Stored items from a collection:
....
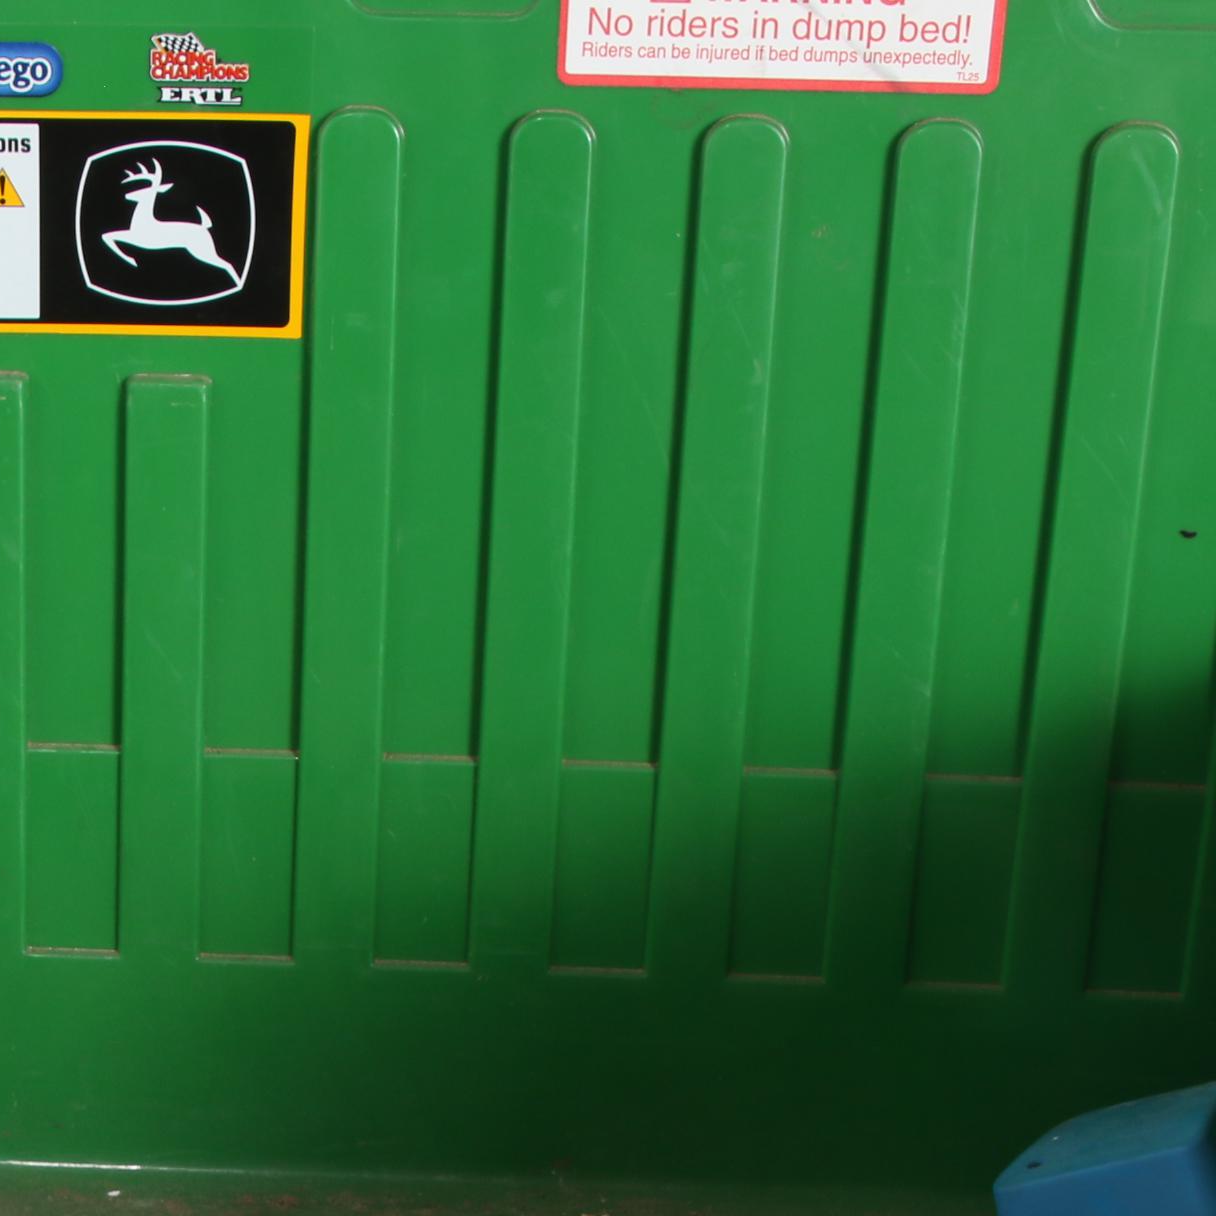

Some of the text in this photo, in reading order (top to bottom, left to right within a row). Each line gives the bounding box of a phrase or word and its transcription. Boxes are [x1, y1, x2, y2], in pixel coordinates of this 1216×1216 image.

[588, 8, 972, 49] No riders in dump bed!
[151, 50, 215, 65] RACING
[581, 42, 974, 70] Riders can be injured if bed dumps unexpectedly.
[151, 64, 248, 80] CHAMPIONS
[957, 72, 980, 82] TL25
[160, 87, 242, 105] ERTL
....
Your copy should hold every record word for word and none of the pictures.

Some of the text in this photo, in reading order (top to bottom, left to right within a row). Each line gives the bounding box of a phrase or word and its transcription. Boxes are [x1, y1, x2, y2], in pixel coordinates of this 1216×1216 image.

[588, 8, 972, 49] No riders in dump bed!
[151, 50, 215, 65] RACING
[581, 42, 974, 70] Riders can be injured if bed dumps unexpectedly.
[151, 64, 248, 80] CHAMPIONS
[957, 72, 980, 82] TL25
[160, 87, 242, 105] ERTL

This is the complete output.